I have come to see Turner Syndrome as a small part of me, but not all of me. I appreciate the little victories in life so much more, for instance, driving on a highway. I drove on a busy highway by myself successfully the other day! While that is an everyday thing to most, if you know about Tuner Syndrome, then you know how hard driving can be for some of us due to visual-spatial issues. I can drive a lot around my college town, to my volunteering, classes, and places I need to go! (If you ask any of my roommates, they will tell you my parking needs some work though, haha!).

I think it is pretty cool that Turner Syndrome has allowed me to be grateful for little things. As far as what I am up to these days, I am Senior Early Childhood Education major. I just finished a semester-long practicum in December and am getting ready to student teach this Fall. I did my practicum with third graders, and I absolutely loved it! I taught a few lessons on my own for the first time. It felt amazing. I was very far from perfect, but I did it! I got to know the most incredible, hardworking group of students, and could actually relate very personally to struggles they had with learning. Working with students makes me happy. I am not entirely sure what grade I want to teach, but I really enjoyed third grade. I recently started getting back into dance (I tried a swing dance class for the first time the other week and I had a blast.

I never would have thought any of this would be possible. I always thought I was not smart enough for college or that I would not make any friends. I am so glad that I was wrong. Just now, if you have TS and like me are nervous for what your life may entail when you get older, just know you are not alone in that feeling.
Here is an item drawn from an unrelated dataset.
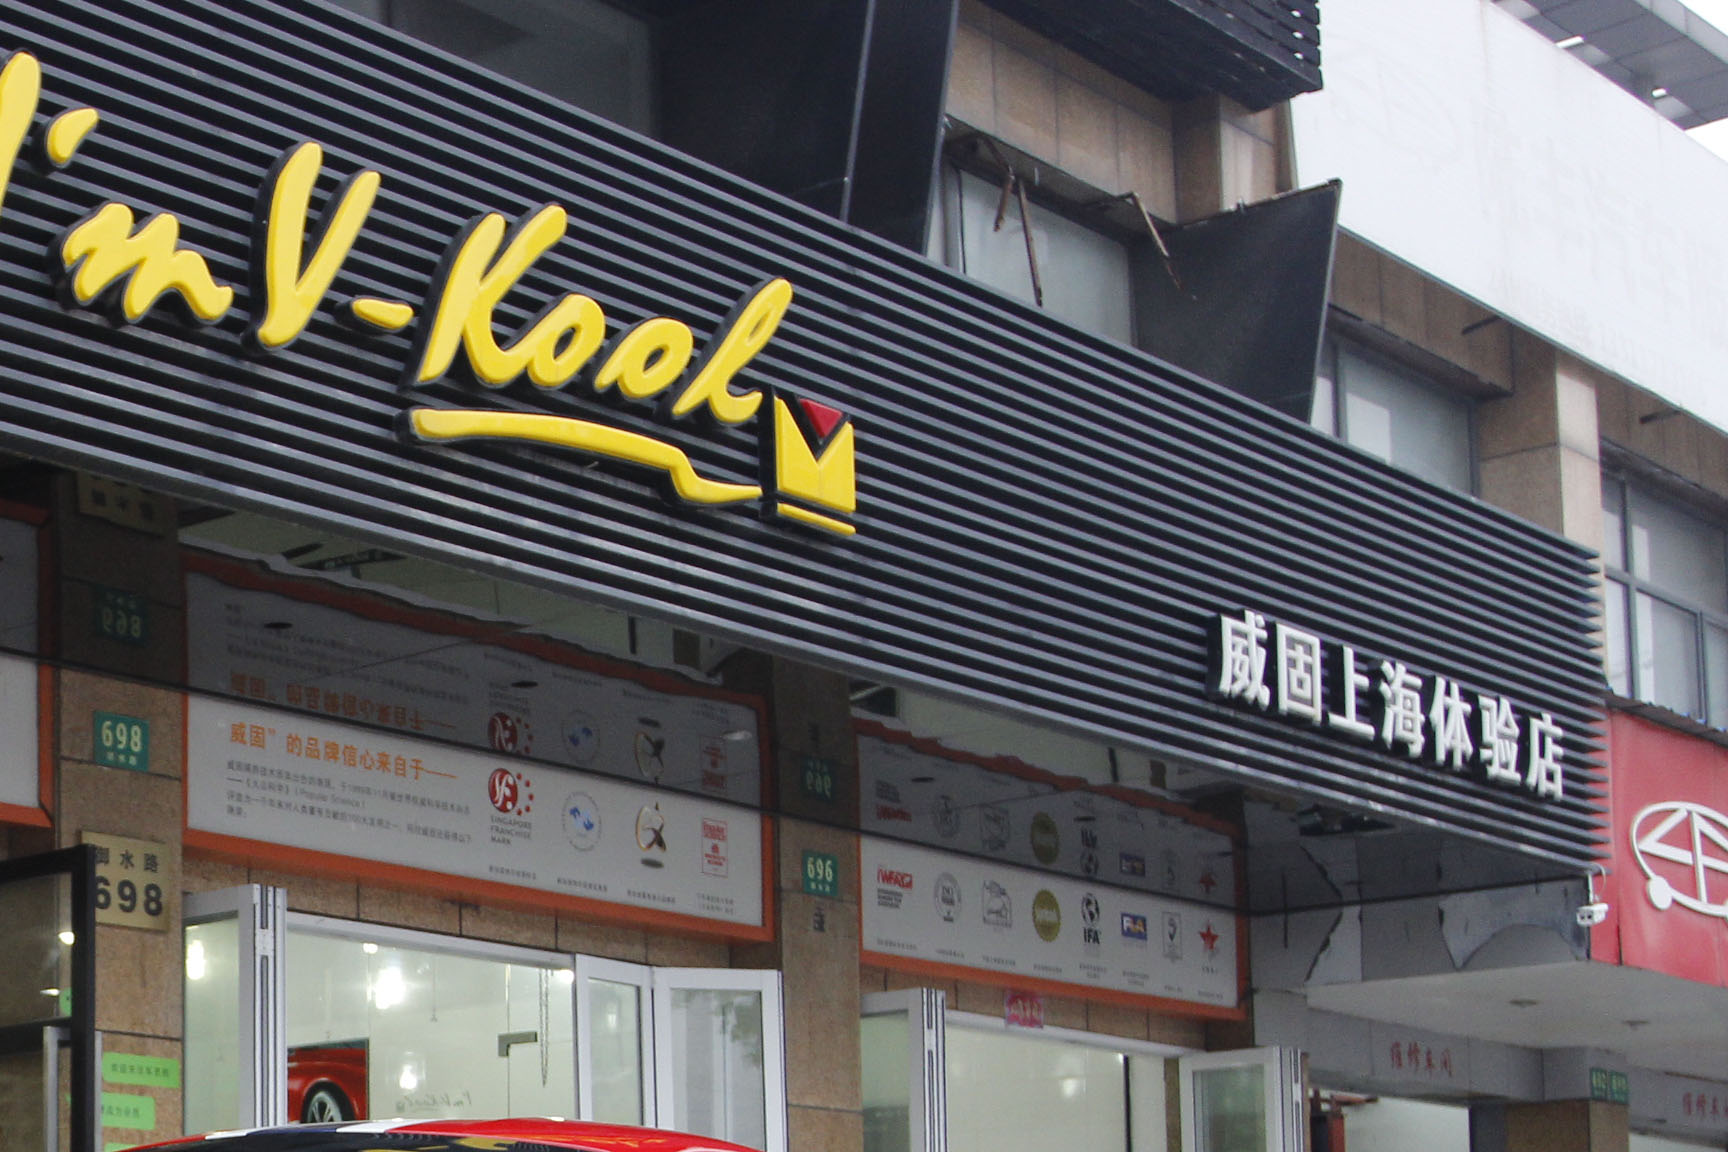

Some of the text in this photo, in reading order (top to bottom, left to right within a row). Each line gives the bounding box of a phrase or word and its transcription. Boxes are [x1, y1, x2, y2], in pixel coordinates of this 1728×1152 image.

Also know that you can be successful in college, it just may take a lot of hard work, but you can do it!

It took me a while to adjust to college, and I had to advocate for myself with professors, but I love it and I have incredible friends. They never make me feel bad for my struggles, they just support and encourage me, as I support and encourage them. I still have some bad days with TS as we all do, but I am happy, and my health is good right now! I see my doctors as recommended to stay on top of my health.
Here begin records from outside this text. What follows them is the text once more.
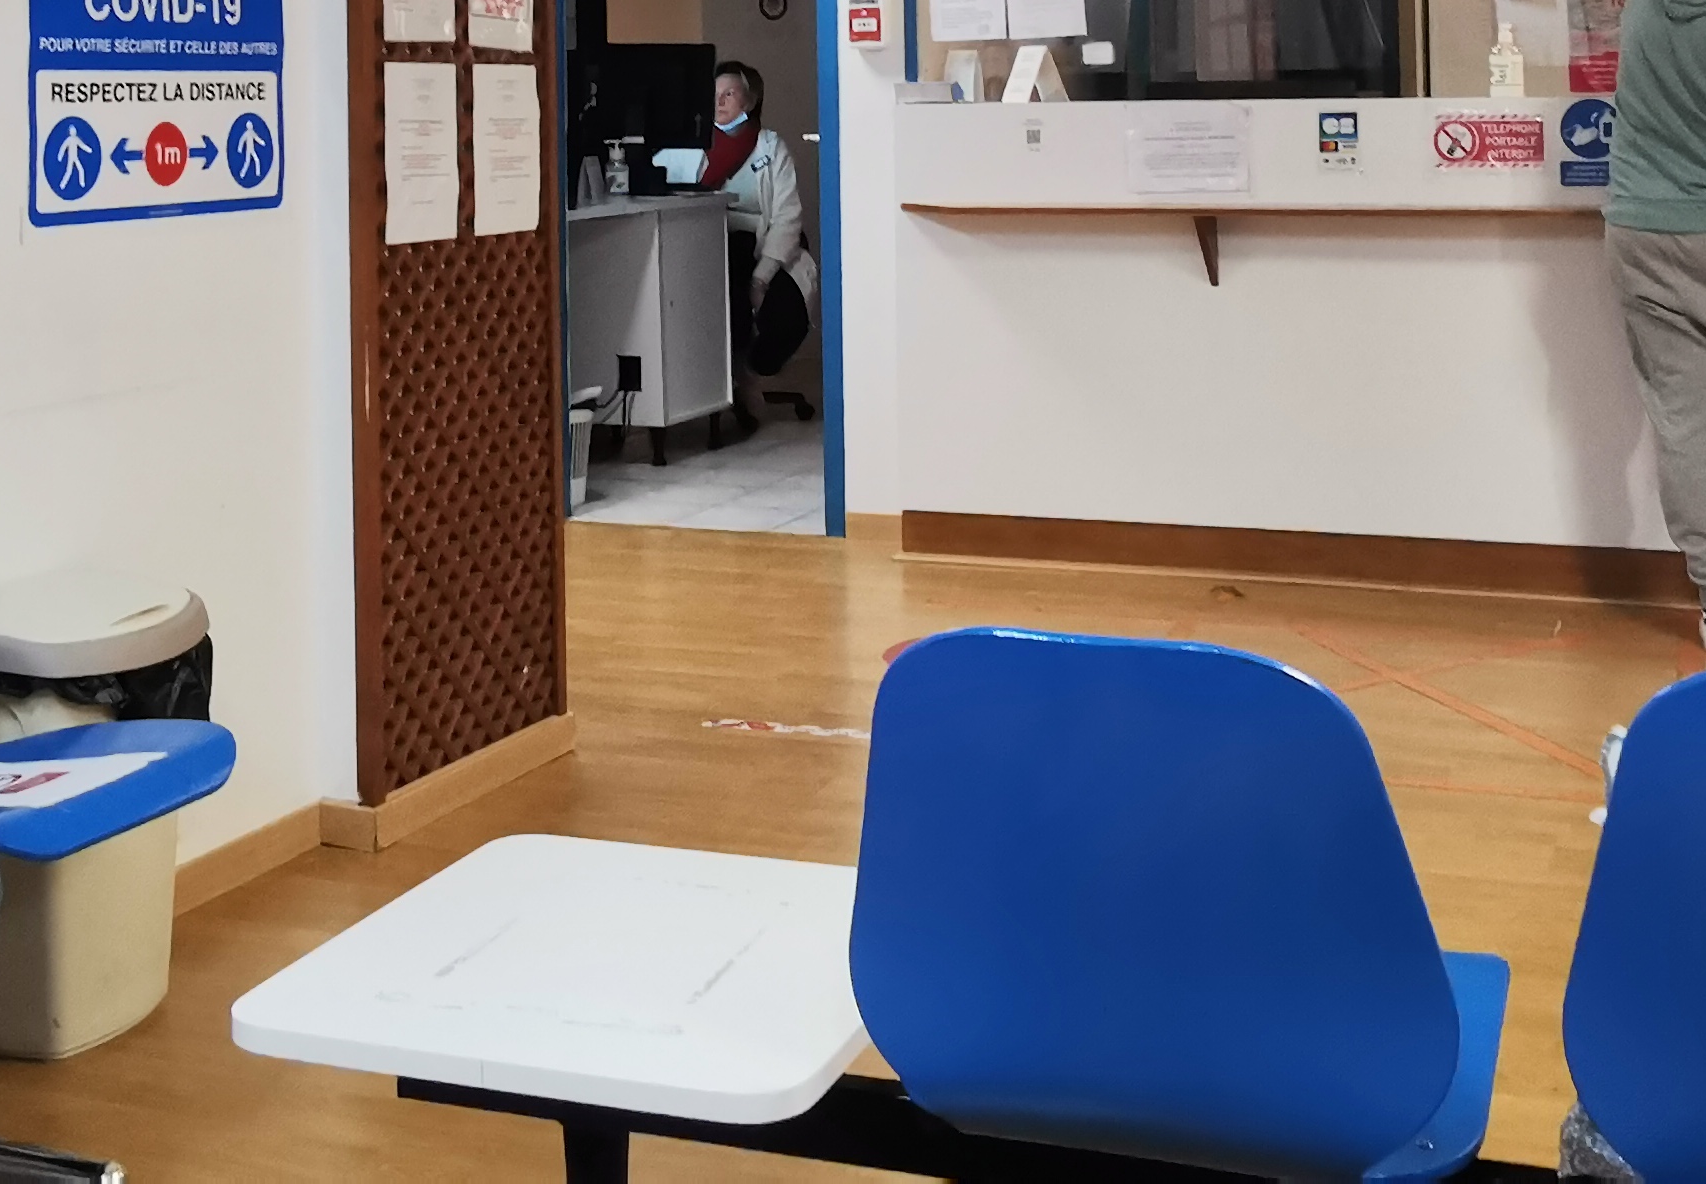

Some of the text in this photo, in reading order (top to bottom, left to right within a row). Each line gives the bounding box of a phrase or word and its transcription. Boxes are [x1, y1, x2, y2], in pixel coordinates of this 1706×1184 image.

[39, 36, 278, 56] POUR VOTRE SÉCURITÉ ET CELLE DES AUTRES
[51, 81, 266, 103] RESPECTEZ LA DISTANCE
[1485, 136, 1538, 146] PORTABLE
[155, 142, 182, 166] 1m
[1487, 149, 1535, 159] INTERDIT
I am so grateful for my life because I know the chances of me being here on earth were so little. I will end with this: I hope every young girl with TS reading this knows that your life is a literal miracle. I hope you know you’re beautiful, amazing, and have so much to offer the world. You are capable of fulfilling your passions and dreams. Everyone with TS has a choice to make, to live the best life you can with TS. Some days will be hard, and trust me, I understand there are days of pain and loneliness. If you keep up with health screenings, have patience with yourself, and advocate for your needs, you can lead a wonderful life with Turner Syndrome. Lastly, I believe in you wholeheartedly.